◆ **Required action**
Leave out any pictures and transcribe all other data below exactly.

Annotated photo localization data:
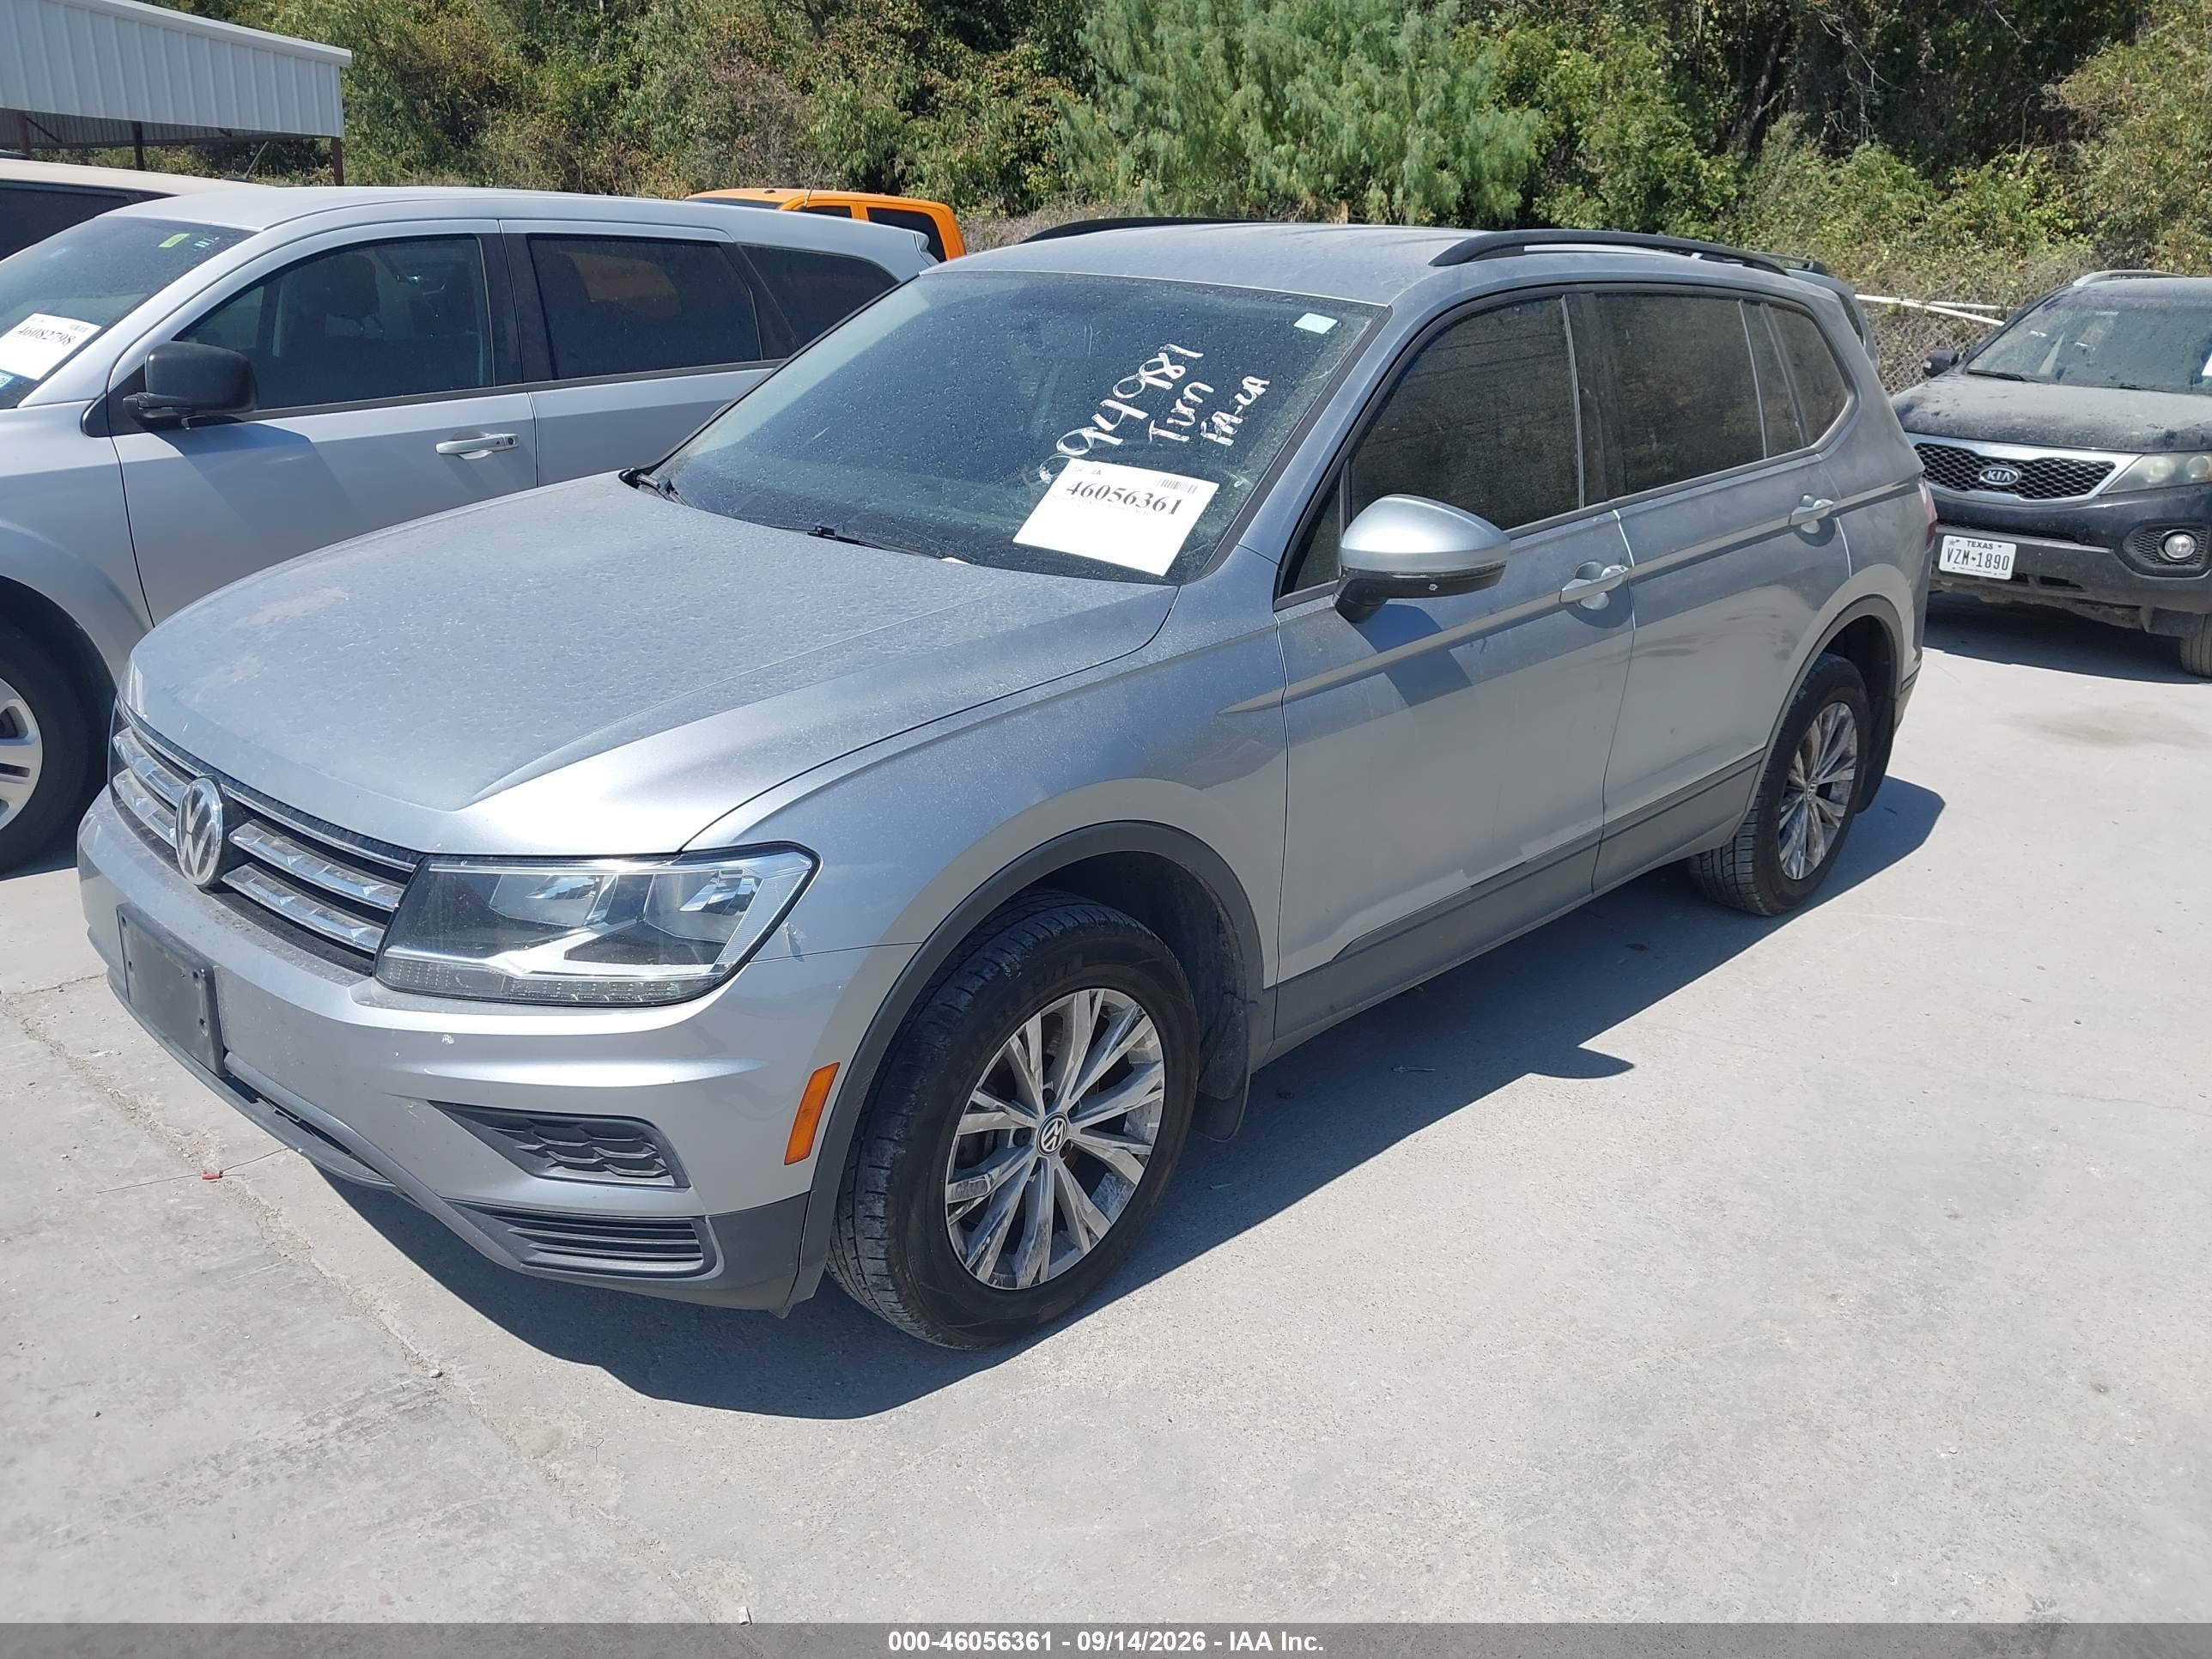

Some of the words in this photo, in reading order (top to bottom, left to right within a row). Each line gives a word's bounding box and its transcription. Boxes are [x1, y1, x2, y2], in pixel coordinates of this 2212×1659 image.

[17, 325, 76, 346] 46082798
[1987, 469, 2010, 482] KIA
[1066, 480, 1182, 516] 46056361
[1966, 539, 1994, 550] TEXAS

◆ **Worked solution**
Some of the words in this photo, in reading order (top to bottom, left to right within a row). Each line gives a word's bounding box and its transcription. Boxes are [x1, y1, x2, y2], in pixel coordinates of this 2212×1659 image.

[17, 325, 76, 346] 46082798
[1987, 469, 2010, 482] KIA
[1066, 480, 1182, 516] 46056361
[1966, 539, 1994, 550] TEXAS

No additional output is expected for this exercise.